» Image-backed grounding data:
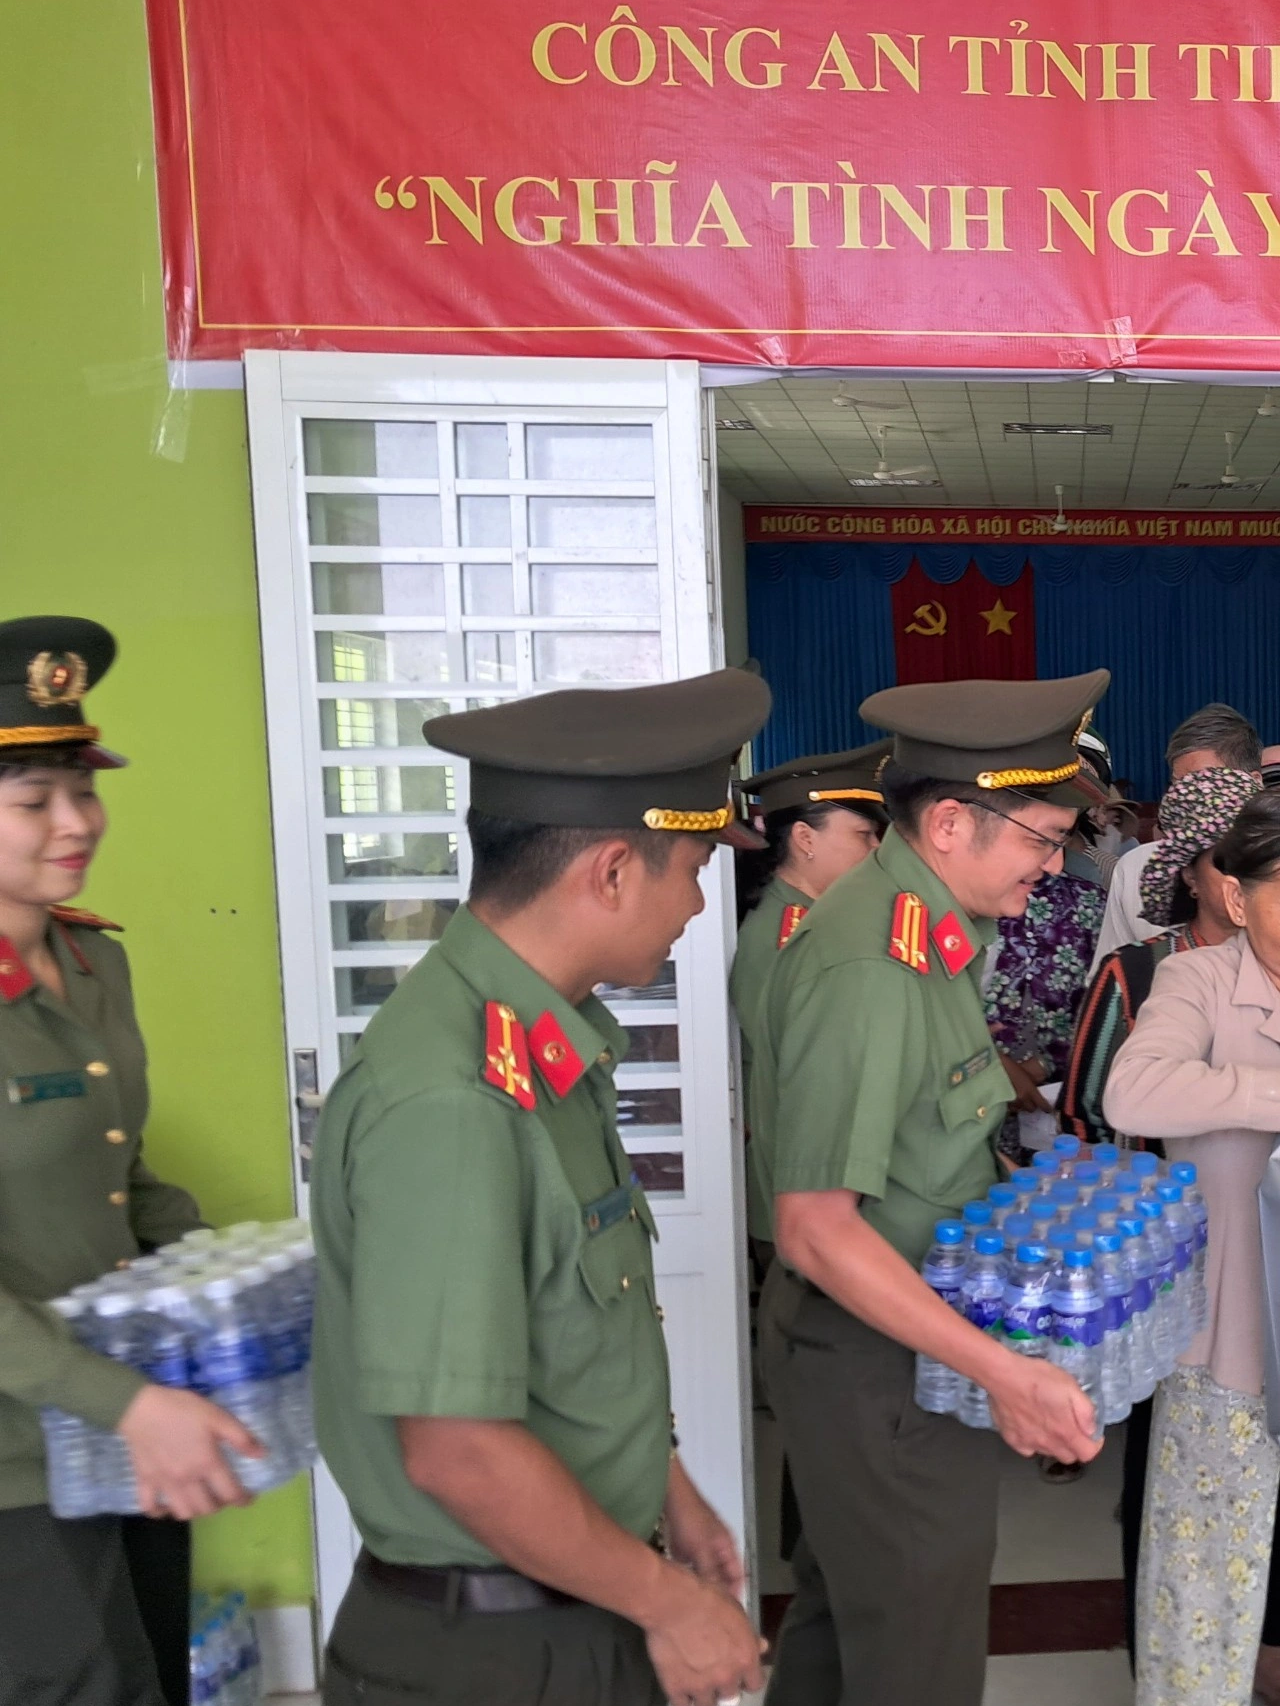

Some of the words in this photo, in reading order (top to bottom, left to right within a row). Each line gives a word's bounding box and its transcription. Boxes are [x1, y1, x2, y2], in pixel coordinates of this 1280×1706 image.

[532, 4, 787, 88] CÔNG
[807, 33, 924, 93] AN
[949, 20, 1157, 101] TỈNH
[374, 159, 752, 249] “NGHĨA
[771, 161, 1013, 252] TÌNH
[760, 513, 821, 533] NƯỚC
[827, 513, 886, 537] CỘNG
[941, 515, 970, 535] XÃ
[976, 515, 1012, 538] HỘI
[1136, 516, 1179, 540] VIỆT
[1184, 520, 1233, 537] NAM

» Assignment:
Could you output the full set of entries exactly, skipping every picture?

» Written solution:
Some of the words in this photo, in reading order (top to bottom, left to right within a row). Each line gives a word's bounding box and its transcription. Boxes are [x1, y1, x2, y2], in pixel coordinates of this 1280×1706 image.

[532, 4, 787, 88] CÔNG
[807, 33, 924, 93] AN
[949, 20, 1157, 101] TỈNH
[374, 159, 752, 249] “NGHĨA
[771, 161, 1013, 252] TÌNH
[760, 513, 821, 533] NƯỚC
[827, 513, 886, 537] CỘNG
[941, 515, 970, 535] XÃ
[976, 515, 1012, 538] HỘI
[1136, 516, 1179, 540] VIỆT
[1184, 520, 1233, 537] NAM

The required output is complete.